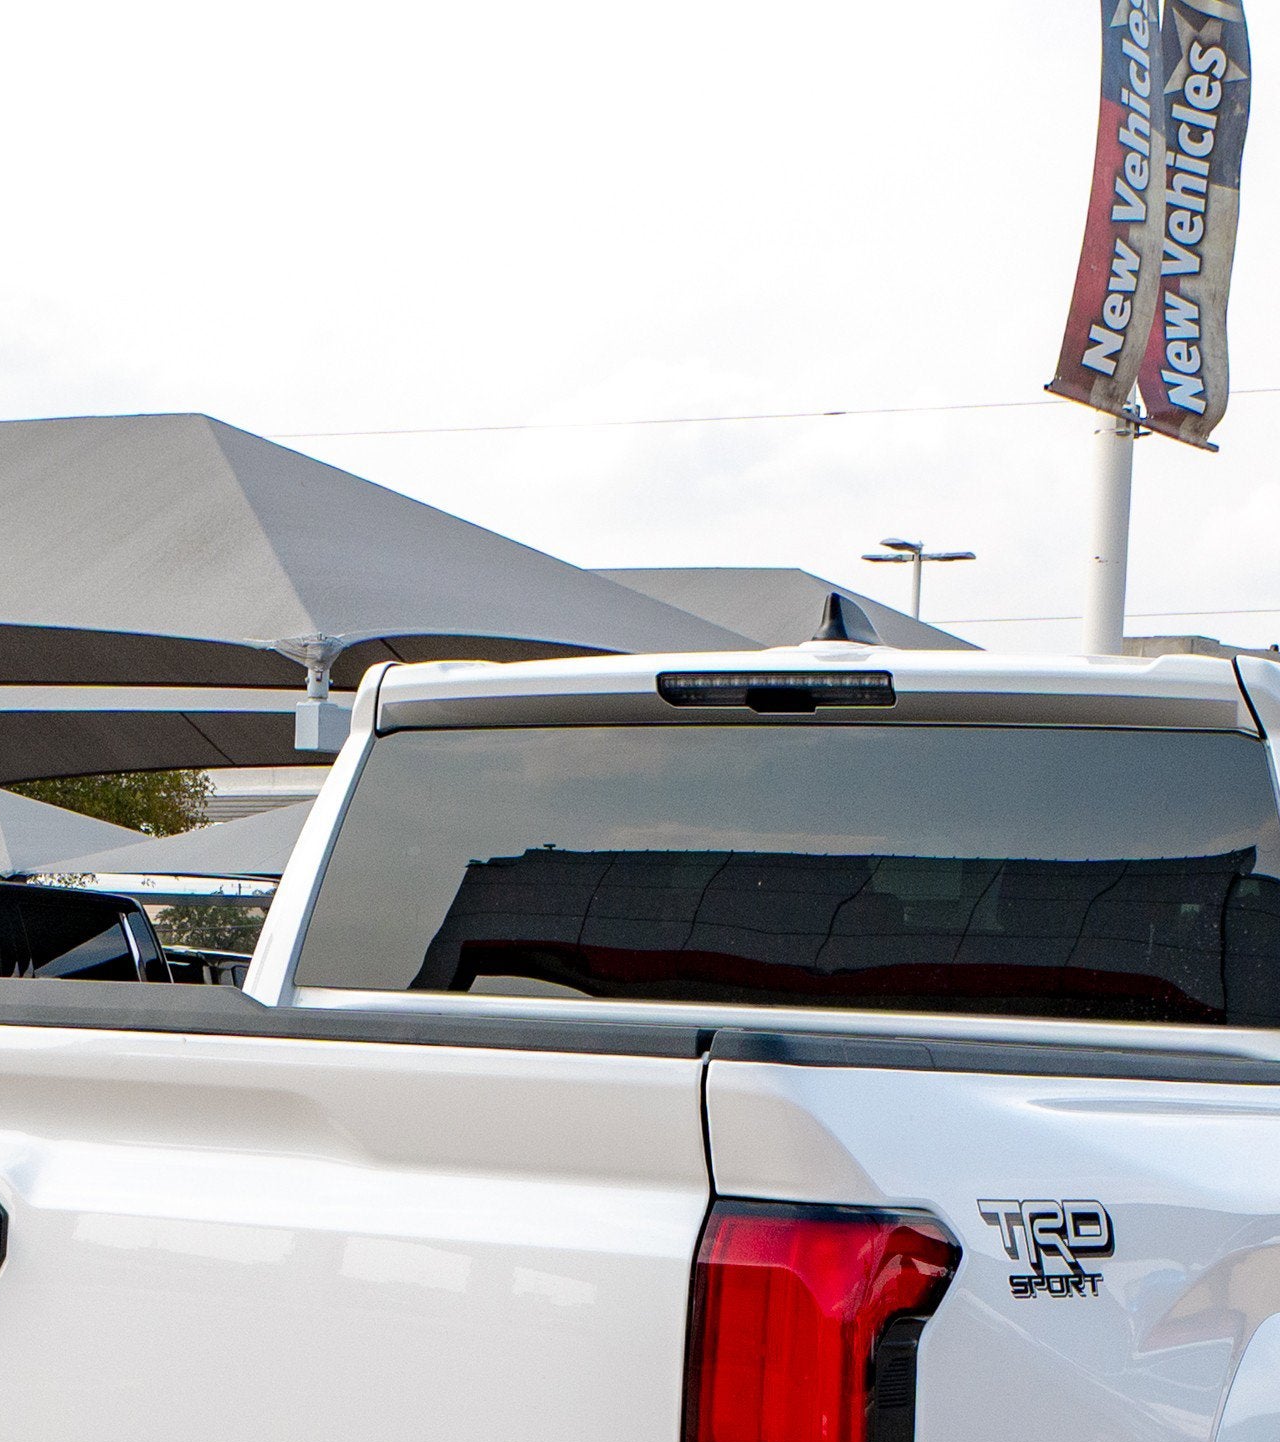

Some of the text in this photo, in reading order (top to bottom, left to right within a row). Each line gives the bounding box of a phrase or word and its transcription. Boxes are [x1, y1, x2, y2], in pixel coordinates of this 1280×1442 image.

[1161, 40, 1228, 415] New Vehicles
[1082, 238, 1141, 376] New
[976, 1199, 1116, 1276] TRD
[1009, 1273, 1103, 1298] SPORT

EXERCISE DESCRIPTION:
Your answer must consist of the entries, unchanged, with no pictures in it.

TASK OUTPUT:
Some of the text in this photo, in reading order (top to bottom, left to right within a row). Each line gives the bounding box of a phrase or word and its transcription. Boxes are [x1, y1, x2, y2], in pixel coordinates of this 1280×1442 image.

[1161, 40, 1228, 415] New Vehicles
[1082, 238, 1141, 376] New
[976, 1199, 1116, 1276] TRD
[1009, 1273, 1103, 1298] SPORT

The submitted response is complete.